Exactly two years ago, a commando of about twenty men broke into the house of Haitian President Jovenel Moïse, shooting him dead and wounding his wife. Two years later, the country, deprived of a president, has plunged into a spiral of violence from which it is difficult to emerge. And crime goes unpunished in Haiti.
It was one o’clock in the morning on Wednesday, July 7, 2021, when a commando entered his room without resistance and murdered him. Most of the men were Colombian, and it was established that they had hatched their plot from Florida, in the United States.
About a dozen of them are being held there awaiting trial. One of them, Rodolphe Jaar, was sentenced last June to life imprisonment for facilitating the logistics of the murder. But in Haiti, the investigation of this complex case with transnational ramifications is at a standstill. Political obstacles, a lack of resources and technical knowledge have meant that no fewer than five successive investigating judges have been appointed, without the investigation having come to fruition.
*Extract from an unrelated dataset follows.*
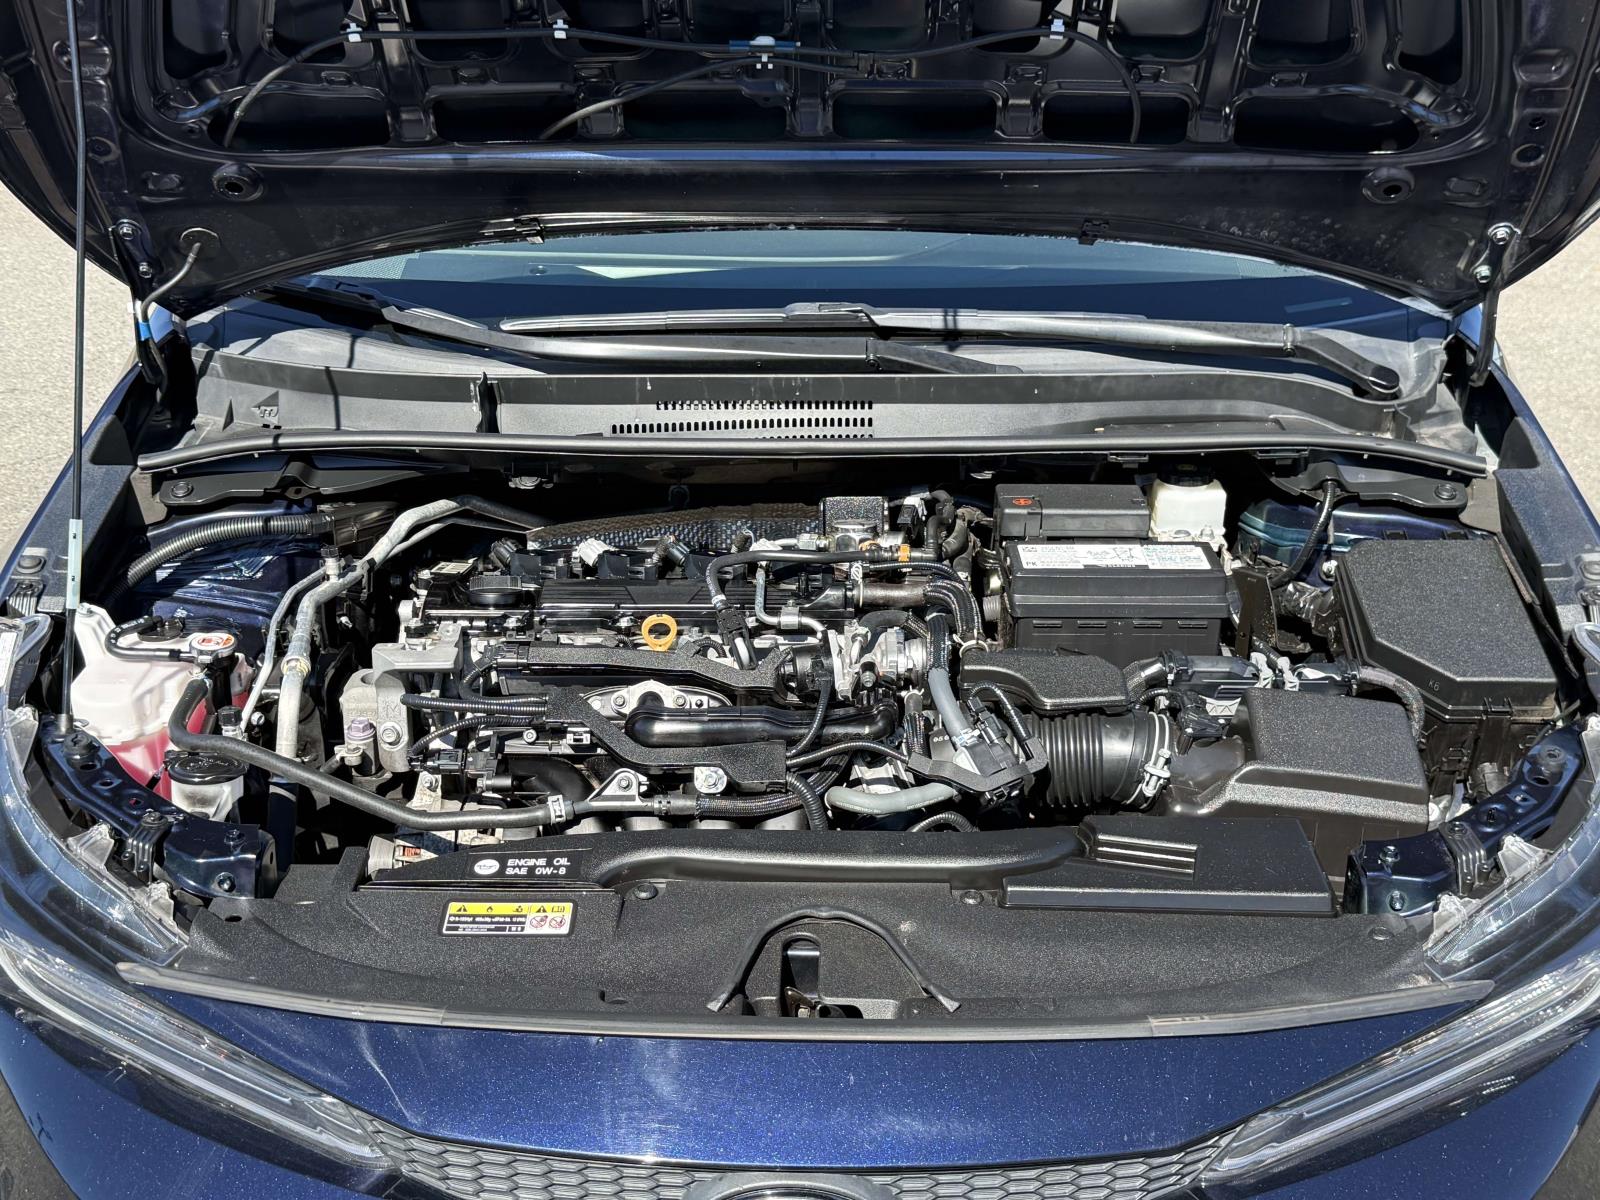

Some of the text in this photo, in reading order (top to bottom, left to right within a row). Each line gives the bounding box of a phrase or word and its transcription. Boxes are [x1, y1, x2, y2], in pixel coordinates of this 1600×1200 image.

[507, 857, 571, 866] ENGINE OIL
[505, 866, 566, 875] SAE 0W-8
This leaves essential questions unanswered, in particular about the motives and local responsibilities for the murder of Jovenel Moïse. Disturbingly, on the night of his death, no member of his security team came to his aid.
Since then, there has been an institutional vacuum in Haiti, without a president and with a government whose legitimacy is in question. This has left the field free for impunity and for the gangs that now control most of the country.